En las últimas dos semanas –me informa el contador electrónico que asoma por detrás del volante de mi auto– transité 3.126 kilómetros. Una pequeña porción del trayecto en la provincia de Entre Ríos; el grueso recorriendo el suroeste de la provincia de Buenos Aires: Carhué, Sierra de la Ventana, Tornquist, Bahía Blanca, y así. La experiencia en verdad me sacudió, una delicia, generosa, gratificante. Aunque no me detendré aquí a retratar alguno de esos sitios. Lo que quiero, lo intentaré al menos, es dar cuenta de otro ingrediente lateral del periplo.
Una mañana me encontraba en la Ruta Nacional 33, a la altura de Tres Picos, cuando un amigo español me llamó por teléfono. Hacía mucho que no hablábamos, me abrigaba un día espléndido, templado, de manera que bajé la marcha hasta detener el vehículo en un descanso, y atendí.

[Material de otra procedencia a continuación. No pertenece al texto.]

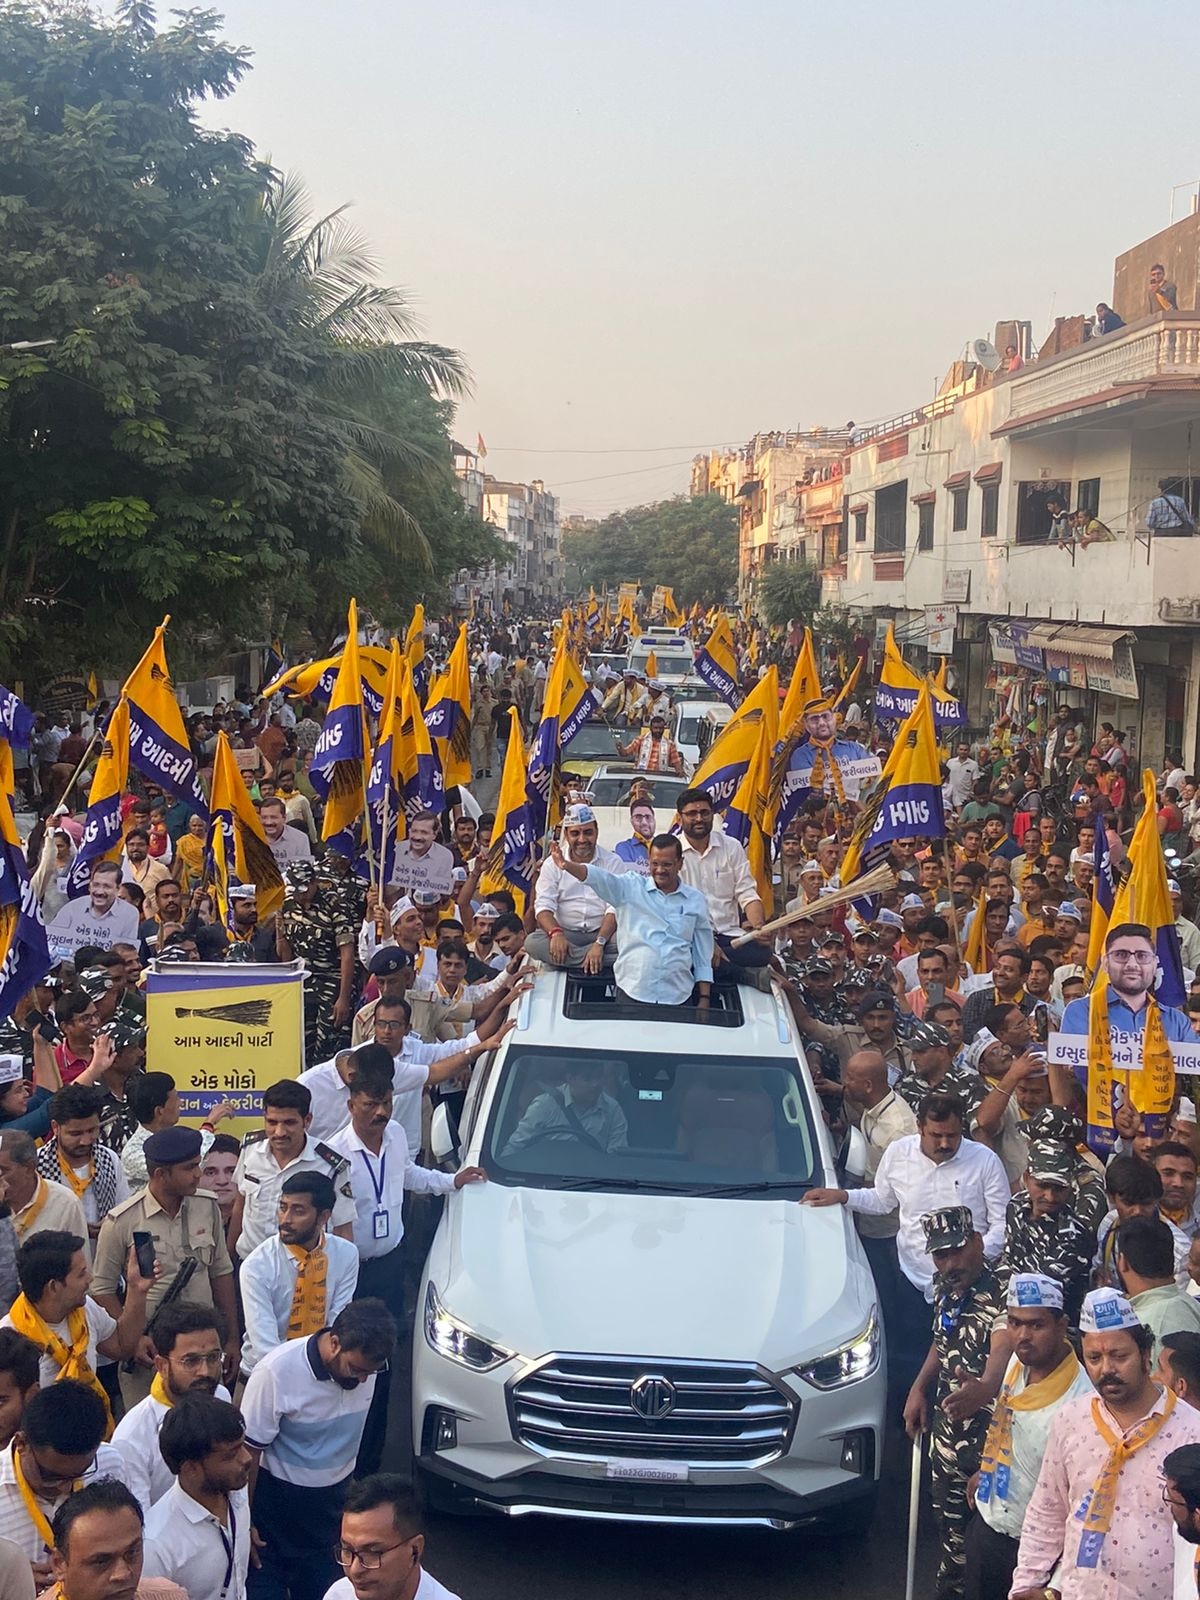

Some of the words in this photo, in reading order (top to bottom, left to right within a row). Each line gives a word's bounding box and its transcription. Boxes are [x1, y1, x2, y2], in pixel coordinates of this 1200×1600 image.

En escasos minutos nos pusimos al corriente. Me contó que días atrás se había estirado hasta Italia en auto, en un viaje por trabajo, y que debía regresar a Madrid lo antes posible ya que su madre, de 92 años, había sufrido una descompensación leve, blabla. Como no había conseguido boletos de avión (allá, como acá, desde la pandemia el espacio aéreo está saturado), emprendió el regreso en el mismo coche que había rentado para llegar a Milán. Mientras hablábamos, me confió, se encontraba en una cafetería rutera cerca de Montpellier. Para entonces yo había recorrido unos ochocientos kilómetros y no había salido de la provincia de Buenos Aires. Los porteños, al menos los porteños querido amigo, medimos los viajes en horas culo, le dije. Salvo excepciones, insistí, las distancias se calculan en tiempo, no en kilómetros. Si quisieras ir a la playa, cuatro horas de auto; estirarse hasta las sierras implica ocho; montañas, esquí, catorce, y así. El diálogo continuó por casi cuarenta minutos. Nos despedimos, y volví a lo mío; debía llegar lo antes posible a Monte Hermoso, mi próximo destino.
De pequeño, con mis padres, salíamos a la ruta al menos una vez al año. Viajes de cuatro, cinco, hasta diez horas, en un Fiat 125 que la familia sostuvo por casi dos décadas. Ventanillas cerradas, humo de cigarrillo, casete de Mercedes Sosa en el estéreo desmontable. Mi padre siempre se quejaba del estado de las rutas. Decía, repetía hasta el hartazgo, que este país jamás progresaría porque su sistema ferroviario era deficiente (alguna vez llegué a un libro de Tomás Eloy Martínez, El sueño argentino, que tejía la misma hipótesis), y las rutas ostentaban un pésimo estado. Su reflexión cerraba tal cual sigue: en el único momento que se refaccionan o se proyectan rutas es cuando hay elecciones. Desde entonces, la palabra elección para mí está ligada a avance/progreso. Y lo repito como un mantra.
Conservo un registro quirúrgico de las rutas y autopistas que se iniciaron o terminaron con tal o cual candidato. En la rotonda de Cañuelas, por ejemplo, desde hace algo más de una década se viene “trabajando” para amasar unos escasos tres kilómetros de asfalto; hablamos de tres presidencias (lo curioso es que para estas elecciones no han movido un solo operario). La Ruta Provincial 6, que utilizo a menudo y une La Plata con Campana (o sea ruta Mercosur), está completamente destruida (se ha tragado algunas vidas). Otra ruta que utilizo de manera recurrente es la (espantosa) Provincial 40, que se extiende desde Merlo hasta Navarro. Yo debía tener unos 6 o 7 años cuando sonreí cómplice junto a mi padre exultante porque el gobierno había cerrado un acuerdo de licitación con una empresa mexicana que haría una autopista en lugar de ese cachivache.